Lines from the one containing "this 1280×960 image." through the last line of the records below are to be repeated exactly.

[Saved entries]
=== Begin Enclosure ===
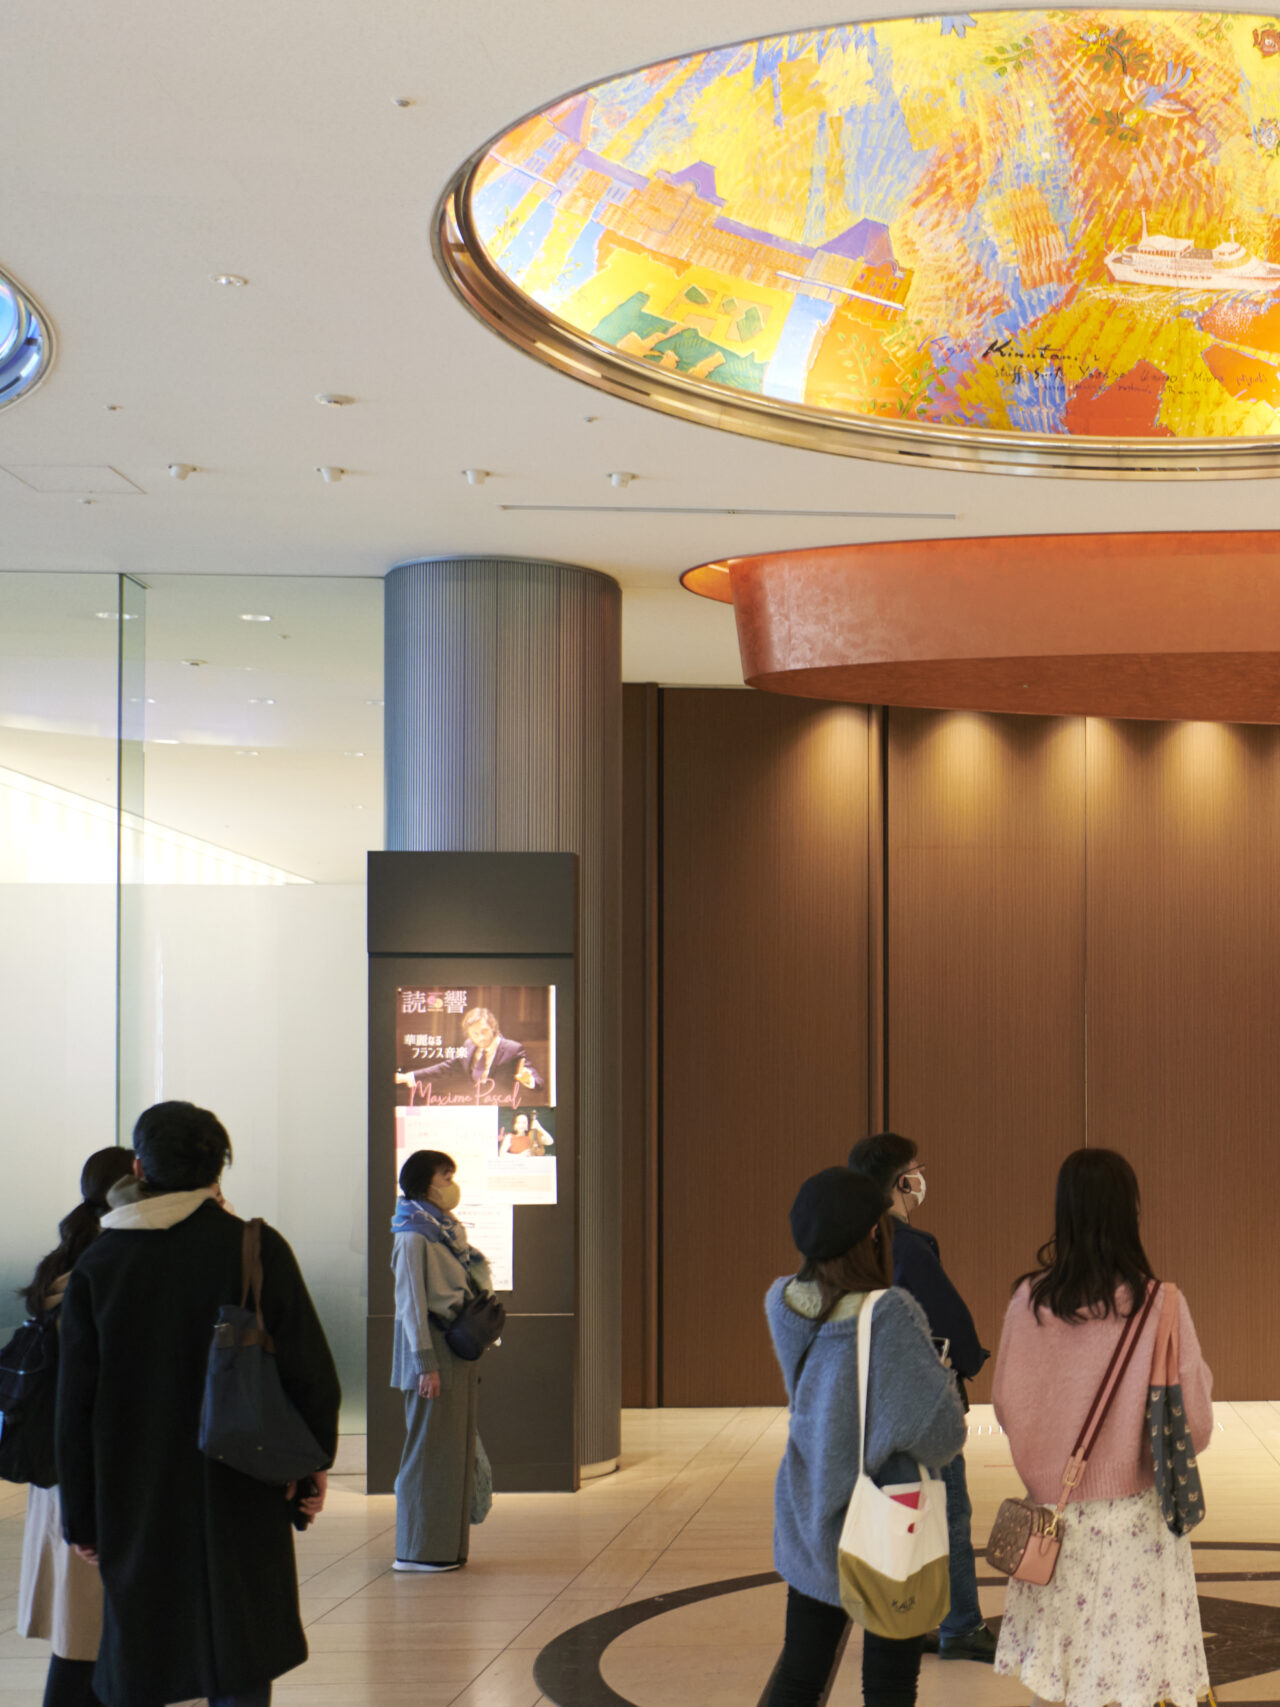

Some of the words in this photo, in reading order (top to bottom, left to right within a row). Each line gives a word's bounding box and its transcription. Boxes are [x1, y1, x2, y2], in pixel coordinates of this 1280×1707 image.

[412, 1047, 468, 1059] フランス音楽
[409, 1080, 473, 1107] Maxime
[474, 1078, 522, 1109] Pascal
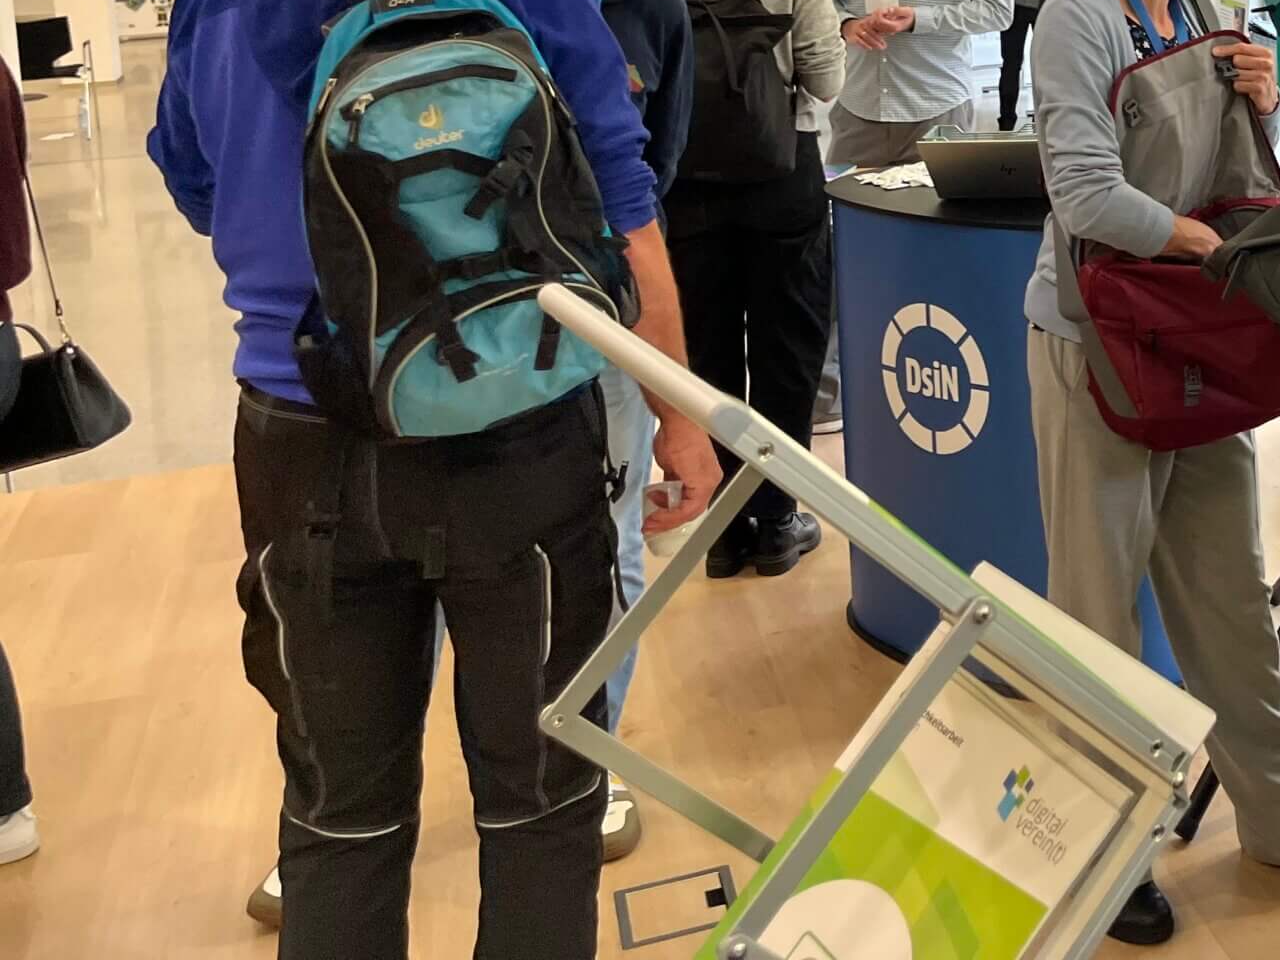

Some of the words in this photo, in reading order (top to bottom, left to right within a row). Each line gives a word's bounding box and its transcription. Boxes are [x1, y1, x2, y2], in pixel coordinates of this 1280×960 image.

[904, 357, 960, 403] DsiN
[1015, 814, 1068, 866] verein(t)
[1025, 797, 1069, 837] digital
=== End Enclosure ===
EXERCISE SOLUTION -
Some of the words in this photo, in reading order (top to bottom, left to right within a row). Each line gives a word's bounding box and its transcription. Boxes are [x1, y1, x2, y2], in pixel coordinates of this 1280×960 image.

[904, 357, 960, 403] DsiN
[1015, 814, 1068, 866] verein(t)
[1025, 797, 1069, 837] digital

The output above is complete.